Benny Begin, tasked with implementing the so-called Prawer Plan, said he had recommended to Prime Minister Benjamin Netanyahu to "end the debate on the law" in parliament.

"The prime minister accepted this proposal," he said at a Tel Aviv news conference, days after it emerged that the governing coalition was divided on the proposed legislation.

The bill, which would have seen the demolition of some 40 unrecognized Bedouin villages in the Negev and the relocation of between 30,000 and 40,000 people, passed a preliminary ministerial vote in January.

But it faced intense objection from members of the parliament both from the right, whose MPs said the compensation offered in land and money was too generous, and from the left, which said it was racist and accused the Jewish state of usurping the land of indigenous Arabs.

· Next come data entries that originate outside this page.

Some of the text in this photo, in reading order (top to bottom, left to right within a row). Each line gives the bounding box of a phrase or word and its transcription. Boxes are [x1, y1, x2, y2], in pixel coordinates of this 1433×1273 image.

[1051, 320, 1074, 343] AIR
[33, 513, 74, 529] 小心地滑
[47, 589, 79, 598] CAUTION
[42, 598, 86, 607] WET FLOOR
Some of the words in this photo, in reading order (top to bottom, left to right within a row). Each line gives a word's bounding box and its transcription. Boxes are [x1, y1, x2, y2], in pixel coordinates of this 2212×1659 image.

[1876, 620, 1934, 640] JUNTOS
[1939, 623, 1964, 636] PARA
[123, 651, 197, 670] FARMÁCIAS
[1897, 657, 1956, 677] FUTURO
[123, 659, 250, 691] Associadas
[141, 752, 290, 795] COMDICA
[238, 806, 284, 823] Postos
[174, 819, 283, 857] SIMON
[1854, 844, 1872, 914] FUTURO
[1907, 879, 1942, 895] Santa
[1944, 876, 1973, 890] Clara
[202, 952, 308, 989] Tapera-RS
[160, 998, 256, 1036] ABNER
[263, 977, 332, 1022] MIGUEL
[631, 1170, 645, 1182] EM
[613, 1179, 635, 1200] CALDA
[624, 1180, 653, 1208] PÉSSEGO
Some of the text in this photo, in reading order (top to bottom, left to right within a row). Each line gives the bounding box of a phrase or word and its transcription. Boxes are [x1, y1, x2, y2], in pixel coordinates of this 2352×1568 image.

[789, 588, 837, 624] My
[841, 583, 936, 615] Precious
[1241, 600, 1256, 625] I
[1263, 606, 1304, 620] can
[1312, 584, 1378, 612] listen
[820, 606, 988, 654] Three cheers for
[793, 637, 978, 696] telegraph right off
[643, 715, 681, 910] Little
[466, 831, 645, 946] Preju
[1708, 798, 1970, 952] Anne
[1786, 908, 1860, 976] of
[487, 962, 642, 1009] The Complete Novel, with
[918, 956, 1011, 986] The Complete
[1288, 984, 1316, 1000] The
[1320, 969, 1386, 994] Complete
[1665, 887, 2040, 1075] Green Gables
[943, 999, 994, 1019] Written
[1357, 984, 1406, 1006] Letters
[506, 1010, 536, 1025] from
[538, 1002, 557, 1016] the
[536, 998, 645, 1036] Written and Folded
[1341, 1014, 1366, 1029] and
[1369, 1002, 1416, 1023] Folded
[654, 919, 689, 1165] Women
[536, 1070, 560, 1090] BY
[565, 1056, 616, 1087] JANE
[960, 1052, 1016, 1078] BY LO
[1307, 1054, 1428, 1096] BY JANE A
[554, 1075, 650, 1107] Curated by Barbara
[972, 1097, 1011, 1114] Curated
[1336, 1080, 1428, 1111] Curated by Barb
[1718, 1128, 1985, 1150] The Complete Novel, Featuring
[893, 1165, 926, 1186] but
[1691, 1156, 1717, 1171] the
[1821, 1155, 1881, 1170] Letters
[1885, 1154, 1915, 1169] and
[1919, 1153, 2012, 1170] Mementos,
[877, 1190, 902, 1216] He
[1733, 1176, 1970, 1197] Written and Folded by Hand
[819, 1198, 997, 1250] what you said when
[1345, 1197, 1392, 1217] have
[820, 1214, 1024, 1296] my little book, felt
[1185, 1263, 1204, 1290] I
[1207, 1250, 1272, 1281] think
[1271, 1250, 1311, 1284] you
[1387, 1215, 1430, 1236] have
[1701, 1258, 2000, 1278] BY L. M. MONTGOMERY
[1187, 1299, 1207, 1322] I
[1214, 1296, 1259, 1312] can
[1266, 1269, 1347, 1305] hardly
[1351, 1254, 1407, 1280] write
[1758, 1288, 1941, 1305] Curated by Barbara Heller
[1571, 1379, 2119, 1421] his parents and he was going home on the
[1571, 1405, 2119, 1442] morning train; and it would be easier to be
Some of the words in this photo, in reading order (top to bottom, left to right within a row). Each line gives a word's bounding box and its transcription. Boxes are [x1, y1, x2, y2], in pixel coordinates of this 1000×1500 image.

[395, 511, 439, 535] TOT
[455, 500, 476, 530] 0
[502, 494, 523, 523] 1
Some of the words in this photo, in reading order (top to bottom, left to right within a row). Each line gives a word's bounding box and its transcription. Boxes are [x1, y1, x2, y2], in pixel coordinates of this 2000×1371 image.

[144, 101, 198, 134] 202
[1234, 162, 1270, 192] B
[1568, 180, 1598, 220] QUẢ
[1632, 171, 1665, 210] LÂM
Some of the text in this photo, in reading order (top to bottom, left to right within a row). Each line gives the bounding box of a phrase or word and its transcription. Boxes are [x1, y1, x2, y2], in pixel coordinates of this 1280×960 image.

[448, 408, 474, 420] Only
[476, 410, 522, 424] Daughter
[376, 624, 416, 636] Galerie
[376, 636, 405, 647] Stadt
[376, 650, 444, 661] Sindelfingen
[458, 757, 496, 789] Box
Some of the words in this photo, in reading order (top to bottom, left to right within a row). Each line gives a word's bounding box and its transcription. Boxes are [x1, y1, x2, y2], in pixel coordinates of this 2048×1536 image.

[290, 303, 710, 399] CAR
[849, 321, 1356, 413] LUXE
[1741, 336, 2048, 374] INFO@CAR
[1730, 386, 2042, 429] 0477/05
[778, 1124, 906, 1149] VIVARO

After a heated debate this week of the parliamentary interior committee, coalition chairman Yariv Levin of Netanyahu's Likud party said he would not pass the Prawer Plan into law.

Begin rejected the notion that a series of demonstrations in Israel, the West Bank and the Gaza Strip against the plan forced the about-turn.

"There is no majority in the coalition for the bill," he said.

Had the Prawer Plan been adopted, it would have also seen the confiscation of more than 700,000 dunams (70,000 hectares) of land claimed by the Bedouin community.

Orit Struk, an MP for the far-right Jewish Home, commended the decision to strike down the bill, which she described as "wrong and unjust."

Begin's move proved that "correct political actions can change past mistakes," she said in a statement.

Arab Israeli MP Mohammed Barakeh of Hadash also welcomed the move, but warned of "excessive optimism" since the plan was "still on in essence" and the "struggle for our people in the Naqab (Negev) must continue."

About 260,000 Bedouin live in Israel, mostly in and around the Negev in the arid south. More than half live in unrecognized villages without utilities and many of them in extreme poverty.